▸ PROBLEM
A precise reproduction of every record below is needed, minus the pictures.
##### EXTRACTED DATA #####
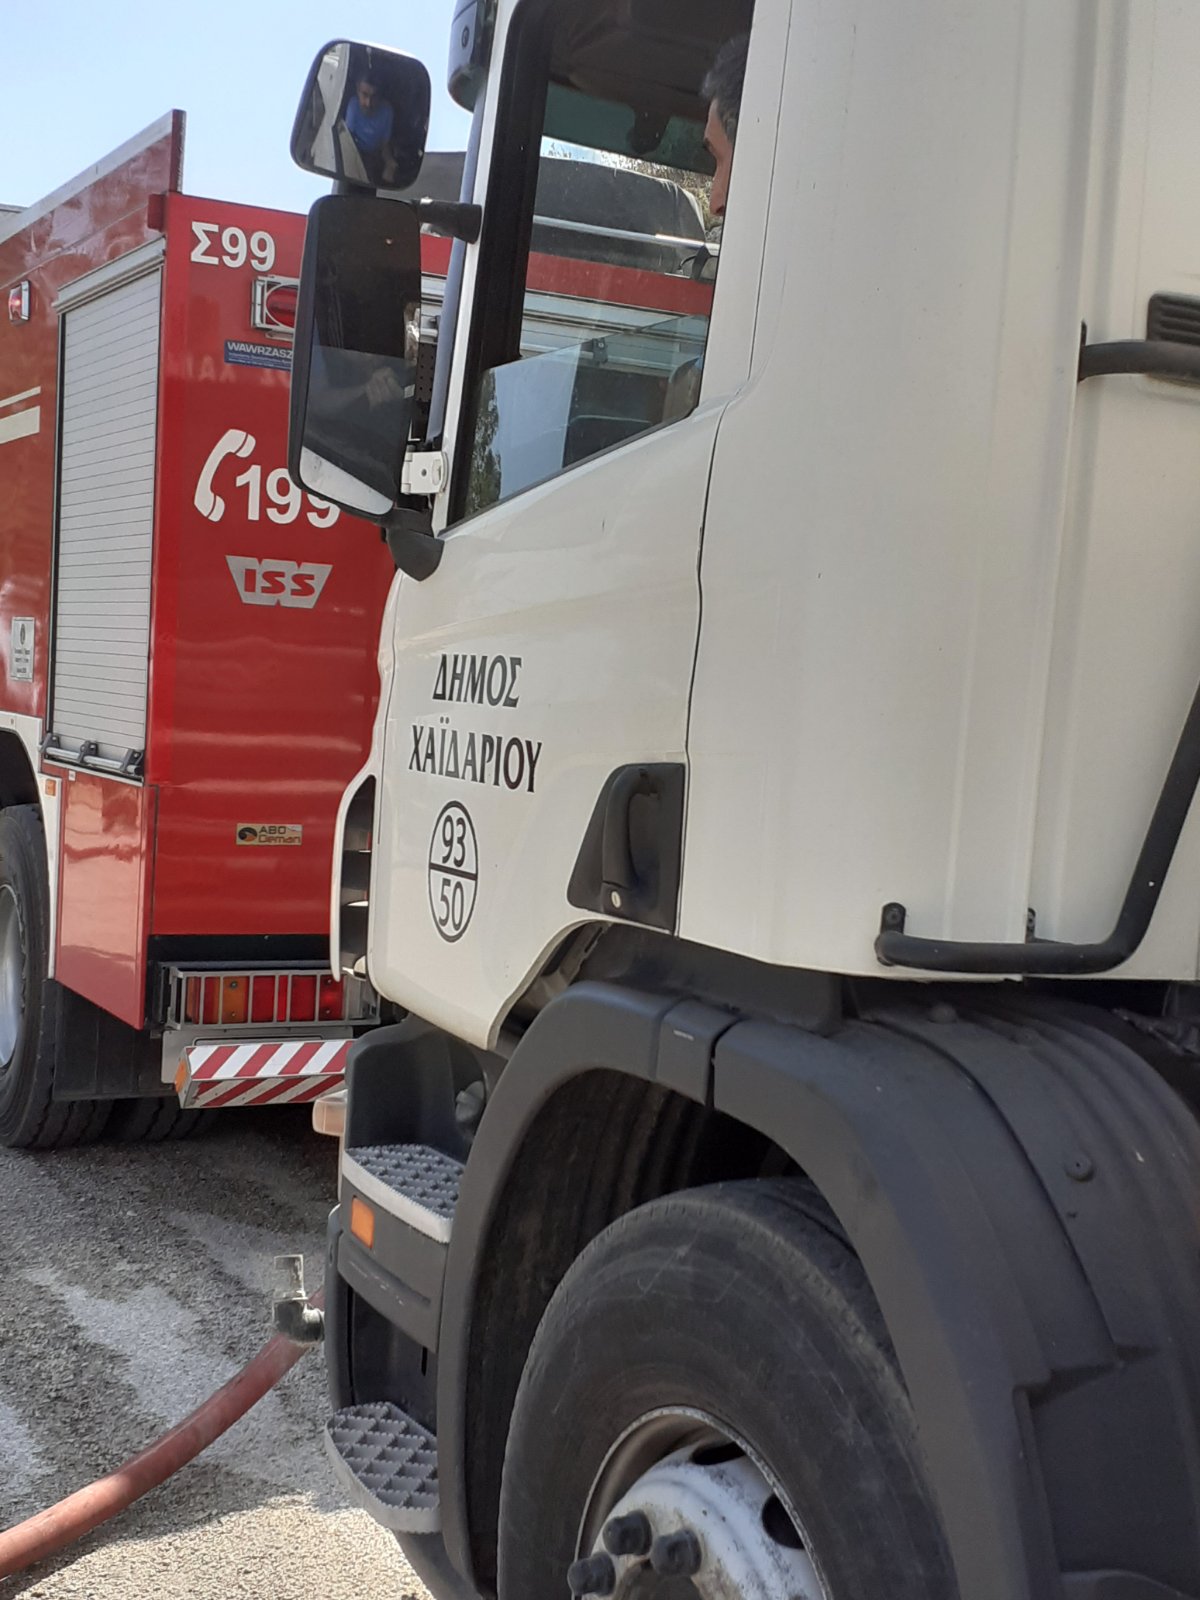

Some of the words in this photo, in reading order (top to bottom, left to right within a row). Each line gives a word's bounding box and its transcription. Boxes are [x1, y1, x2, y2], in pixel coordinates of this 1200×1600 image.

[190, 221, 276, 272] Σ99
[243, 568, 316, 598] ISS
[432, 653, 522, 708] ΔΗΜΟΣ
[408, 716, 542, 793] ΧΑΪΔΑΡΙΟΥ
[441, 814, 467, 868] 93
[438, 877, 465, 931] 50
#####
▸ WRITTEN ANSWER
Some of the words in this photo, in reading order (top to bottom, left to right within a row). Each line gives a word's bounding box and its transcription. Boxes are [x1, y1, x2, y2], in pixel coordinates of this 1200×1600 image.

[190, 221, 276, 272] Σ99
[243, 568, 316, 598] ISS
[432, 653, 522, 708] ΔΗΜΟΣ
[408, 716, 542, 793] ΧΑΪΔΑΡΙΟΥ
[441, 814, 467, 868] 93
[438, 877, 465, 931] 50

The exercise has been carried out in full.